> [Problem statement] Pictures within the data are to be left out; everything else must be reproduced exactly.
::: Material supplied
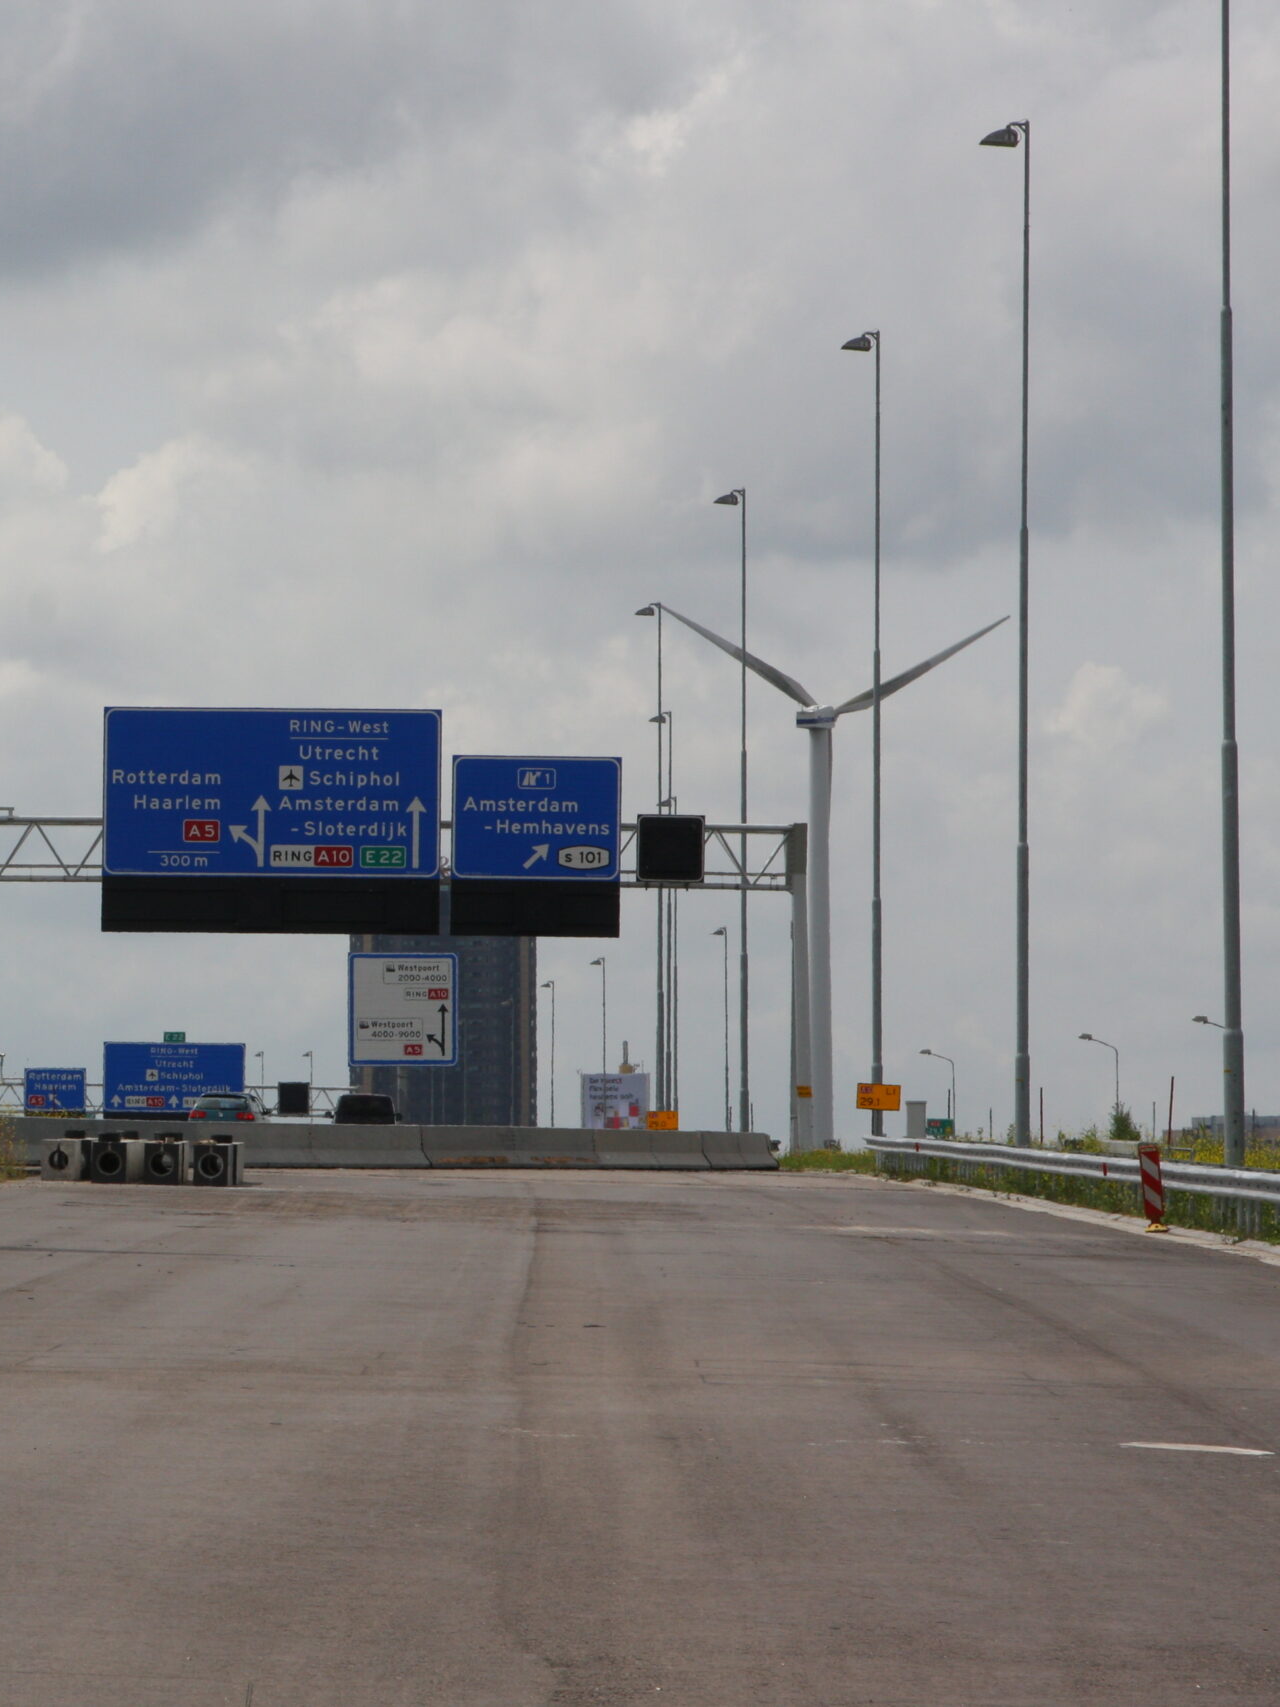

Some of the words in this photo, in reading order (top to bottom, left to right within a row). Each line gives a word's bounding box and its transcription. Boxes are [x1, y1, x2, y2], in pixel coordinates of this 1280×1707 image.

[290, 719, 389, 733] RING-West
[299, 745, 379, 761] Utrecht
[112, 769, 221, 785] Rotterdam
[309, 771, 400, 788] Schiphol
[545, 773, 550, 785] 1
[134, 795, 221, 810] Haarlem
[279, 796, 399, 811] Amsterdam
[463, 796, 578, 813] Amsterdam
[160, 854, 191, 867] 300
[194, 856, 208, 867] m
[273, 850, 313, 862] RING
[317, 850, 350, 863] A10
[579, 851, 601, 864] 101
[398, 974, 448, 982] 2000-4000
[430, 990, 447, 998] A10
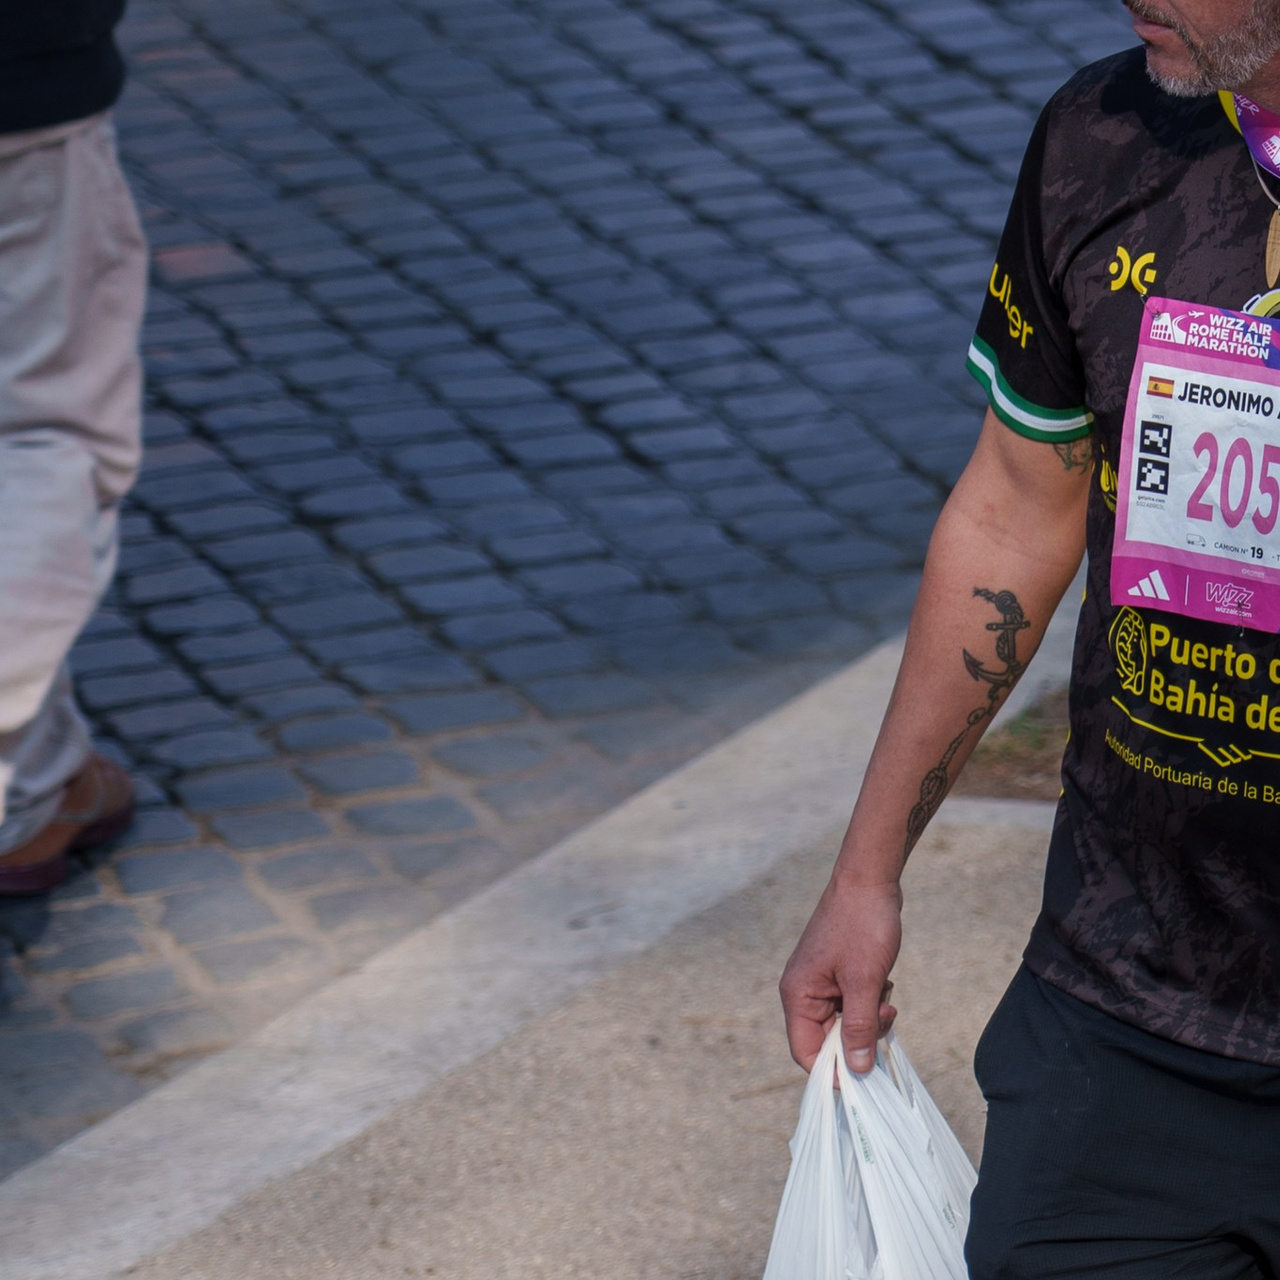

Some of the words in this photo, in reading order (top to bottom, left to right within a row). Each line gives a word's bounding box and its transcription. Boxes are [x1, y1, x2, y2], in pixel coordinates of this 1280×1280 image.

[1188, 322, 1230, 340] ROME
[1232, 330, 1271, 347] HALF
[1209, 313, 1245, 331] WIZZ
[1247, 321, 1272, 336] AIR
[1186, 334, 1269, 360] MARATHON
[1177, 381, 1274, 417] JERONIMO
[1213, 542, 1240, 554] CAMION
[1250, 546, 1264, 559] 19
[1149, 623, 1256, 680] Puerto
[1149, 669, 1235, 723] Bahía
[1104, 728, 1142, 771] Autoridad
[1143, 758, 1213, 791] Portuaria
[1217, 776, 1239, 796] de
[1243, 781, 1258, 800] la
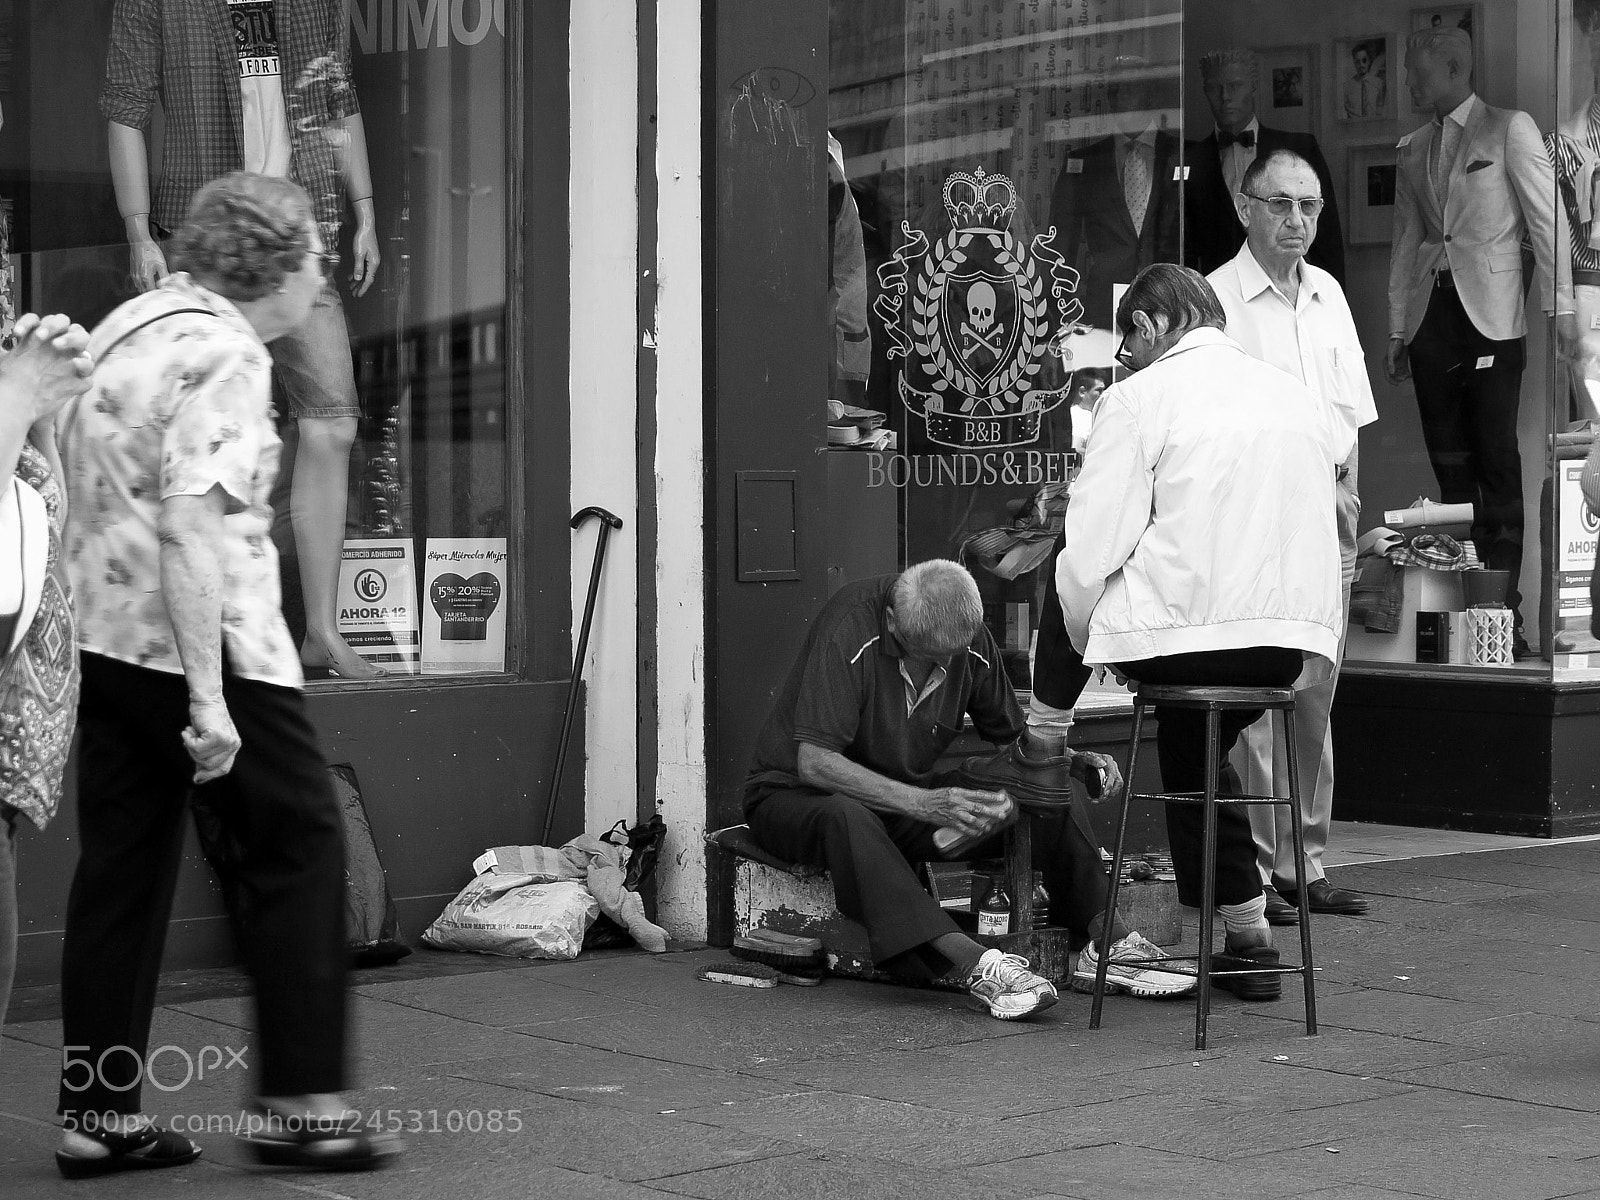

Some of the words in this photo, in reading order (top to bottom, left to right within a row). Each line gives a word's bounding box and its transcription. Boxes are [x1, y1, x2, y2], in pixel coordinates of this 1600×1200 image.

[1079, 0, 1088, 28] olive
[350, 0, 505, 54] NIMO
[239, 59, 278, 74] FORT
[1046, 43, 1056, 77] oliver
[1029, 146, 1039, 180] oliver
[964, 421, 1001, 442] B&B
[866, 450, 1084, 488] BOUNDS&BEE
[341, 551, 370, 559] OMERCIO
[371, 550, 402, 558] ADHERIDO
[1567, 541, 1597, 554] AHOR
[485, 550, 507, 564] Mujer
[437, 586, 456, 598] 15%
[457, 586, 480, 596] 20%
[340, 607, 389, 619] AHORA
[391, 606, 406, 617] 12
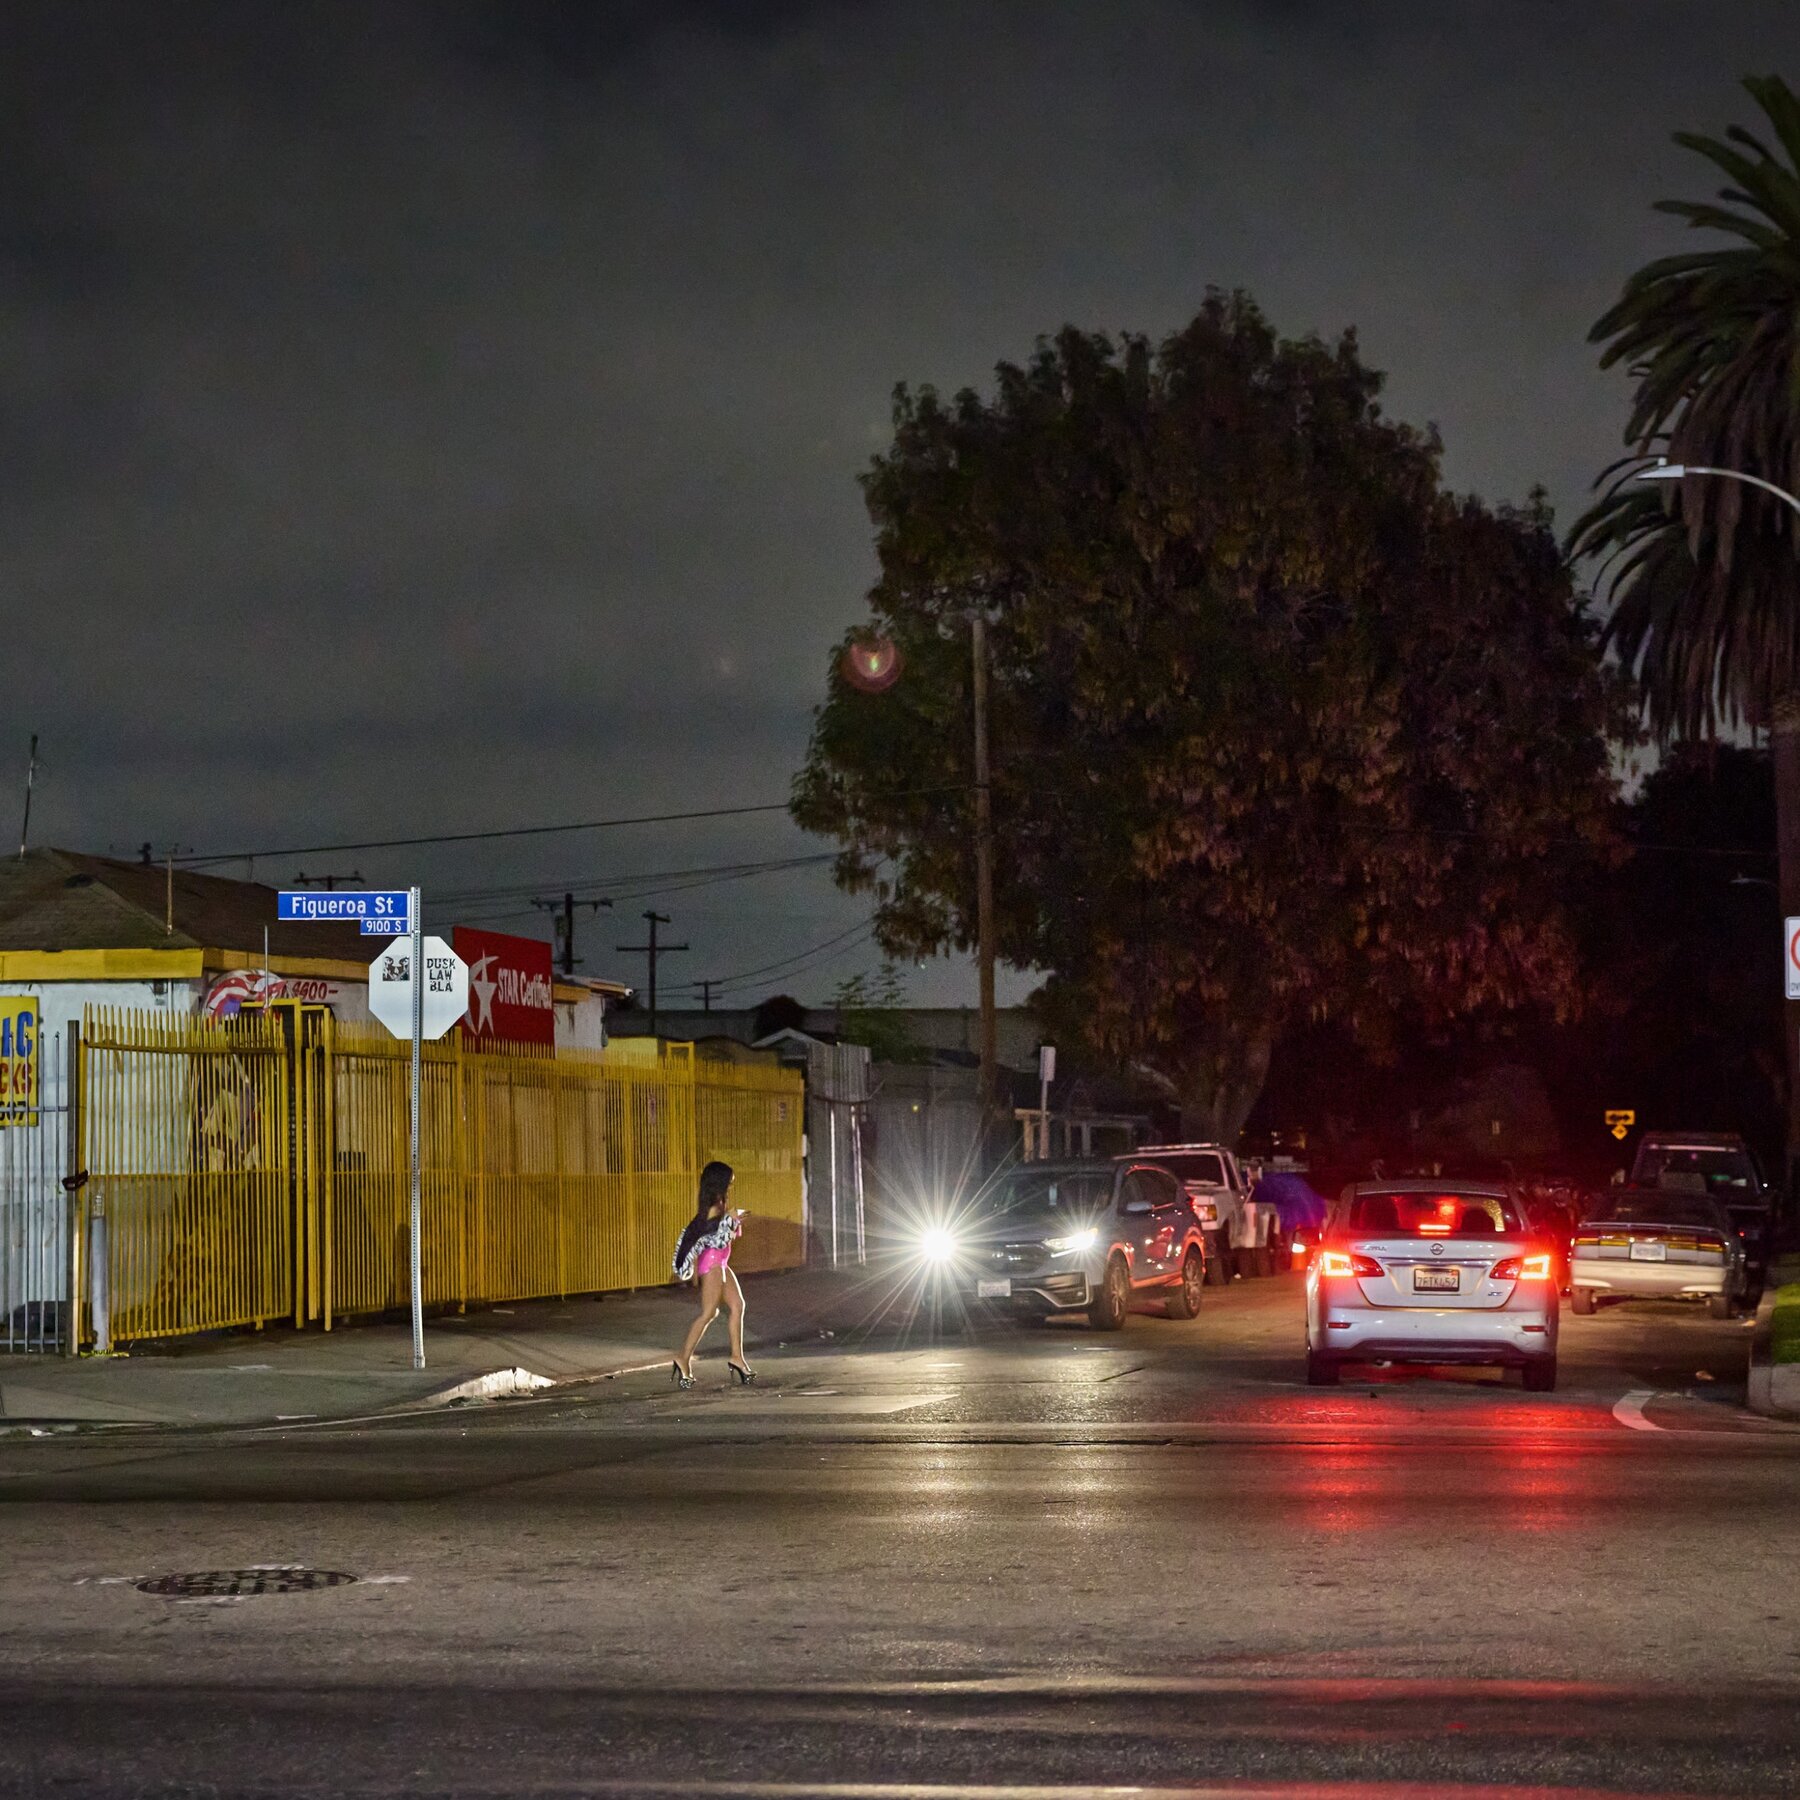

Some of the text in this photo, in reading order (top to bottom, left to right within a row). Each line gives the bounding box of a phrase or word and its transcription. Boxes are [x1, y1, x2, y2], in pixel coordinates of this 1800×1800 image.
::::::
> [Written response]
Some of the words in this photo, in reading order (top to bottom, left to right within a row). Each line gives a word's bounding box and its transcription. Boxes are [x1, y1, x2, y2], in pixel coordinates of this 1280×1707 image.

[290, 719, 389, 733] RING-West
[299, 745, 379, 761] Utrecht
[112, 769, 221, 785] Rotterdam
[309, 771, 400, 788] Schiphol
[545, 773, 550, 785] 1
[134, 795, 221, 810] Haarlem
[279, 796, 399, 811] Amsterdam
[463, 796, 578, 813] Amsterdam
[160, 854, 191, 867] 300
[194, 856, 208, 867] m
[273, 850, 313, 862] RING
[317, 850, 350, 863] A10
[579, 851, 601, 864] 101
[398, 974, 448, 982] 2000-4000
[430, 990, 447, 998] A10

Some of the words in this photo, in reading order (top to bottom, left to right within a row). Each line gives a word's bounding box and its transcription. Boxes are [x1, y1, x2, y2], in pixel coordinates of this 1280×1280 image.

[1188, 322, 1230, 340] ROME
[1232, 330, 1271, 347] HALF
[1209, 313, 1245, 331] WIZZ
[1247, 321, 1272, 336] AIR
[1186, 334, 1269, 360] MARATHON
[1177, 381, 1274, 417] JERONIMO
[1213, 542, 1240, 554] CAMION
[1250, 546, 1264, 559] 19
[1149, 623, 1256, 680] Puerto
[1149, 669, 1235, 723] Bahía
[1104, 728, 1142, 771] Autoridad
[1143, 758, 1213, 791] Portuaria
[1217, 776, 1239, 796] de
[1243, 781, 1258, 800] la

Some of the words in this photo, in reading order (top to bottom, left to right within a row). Each line gives a word's bounding box and its transcription. Boxes are [x1, y1, x2, y2], in pixel coordinates of this 1600×1200 image.

[1079, 0, 1088, 28] olive
[350, 0, 505, 54] NIMO
[239, 59, 278, 74] FORT
[1046, 43, 1056, 77] oliver
[1029, 146, 1039, 180] oliver
[964, 421, 1001, 442] B&B
[866, 450, 1084, 488] BOUNDS&BEE
[341, 551, 370, 559] OMERCIO
[371, 550, 402, 558] ADHERIDO
[1567, 541, 1597, 554] AHOR
[485, 550, 507, 564] Mujer
[437, 586, 456, 598] 15%
[457, 586, 480, 596] 20%
[340, 607, 389, 619] AHORA
[391, 606, 406, 617] 12

Some of the text in this photo, in reading order (top to bottom, left to right within a row). Each line gives the bounding box of a phrase or word and its transcription. Boxes are [x1, y1, x2, y2], in pixel coordinates of this 1800×1800 image.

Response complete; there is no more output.